Louis XIV of France as Dauphin, 1639. ca. Housed at Chateaux de Versailles et de Trianon
This royal babe is cute and he seems to know it. François Gérard painted Napoleon II the year he was born in 1811. Son of Napoleon and his second wife Empress Marie Louise, his father dubbed him “The King of Rome,” although he would never rule. Dressed in a delicate white chemise that followed the neoclassic aesthetic of the period, young Napoleon II accessorized with a red sash baring the Grand Cross of the Legion of Honour—a decoration reserved for the emperor, princes of the imperial family and grand dignitaries.
Napoléon II Roi de Rome by François Gérard, ca. 1811
The cute little face and tiny hand emerging from this expansive puff-like ensemble belong to a then four-year-old Queen Victoria. Perhaps the Queen-to-be was giving us a taste of the fashions to come under her reign—the Victorian Era would see the introduction of the cage crinoline, an understructure that would allow an even greater width of skirt.
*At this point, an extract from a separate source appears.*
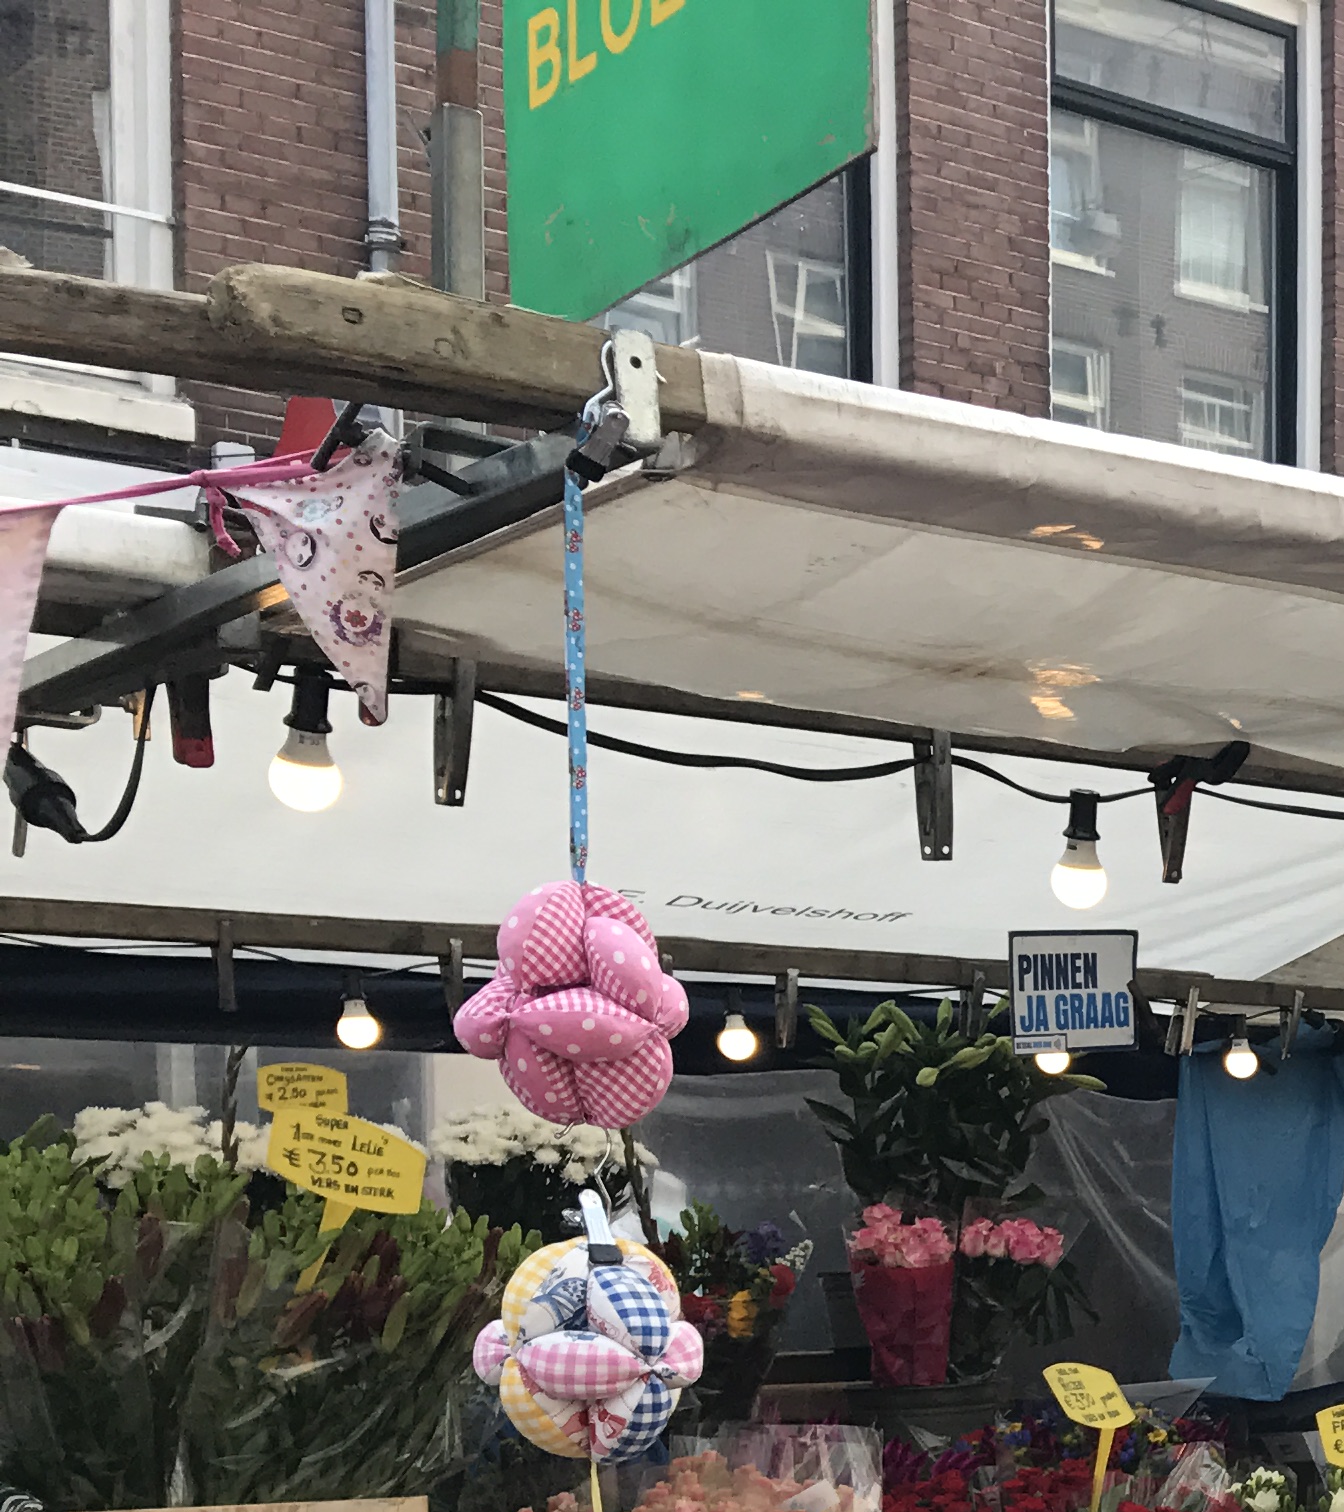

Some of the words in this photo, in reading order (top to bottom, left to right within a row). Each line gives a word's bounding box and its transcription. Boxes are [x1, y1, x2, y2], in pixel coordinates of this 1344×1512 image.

Princess Victoria aged Four by Stephen Poyntz Denning, 1823. Housed at The Dulwich Picture Gallery
Karl isn’t the only fashionable Kaiser. Long before Lagerfeld reigned, Kaiser Wilhelm II, Germany’s last Emperor (a.k.a. the guy largely blamed for starting WWI), had a famous affinity for uniforms. A postcard from 1861 depicts the then two-year-old Wilhelm II dressed in a sailor ensemble – a costume ubiquitous in children’s daywear for decades to come. In his adulthood, the Kaiser was known to change several times a day, even adopting the foreign uniforms of visiting diplomats.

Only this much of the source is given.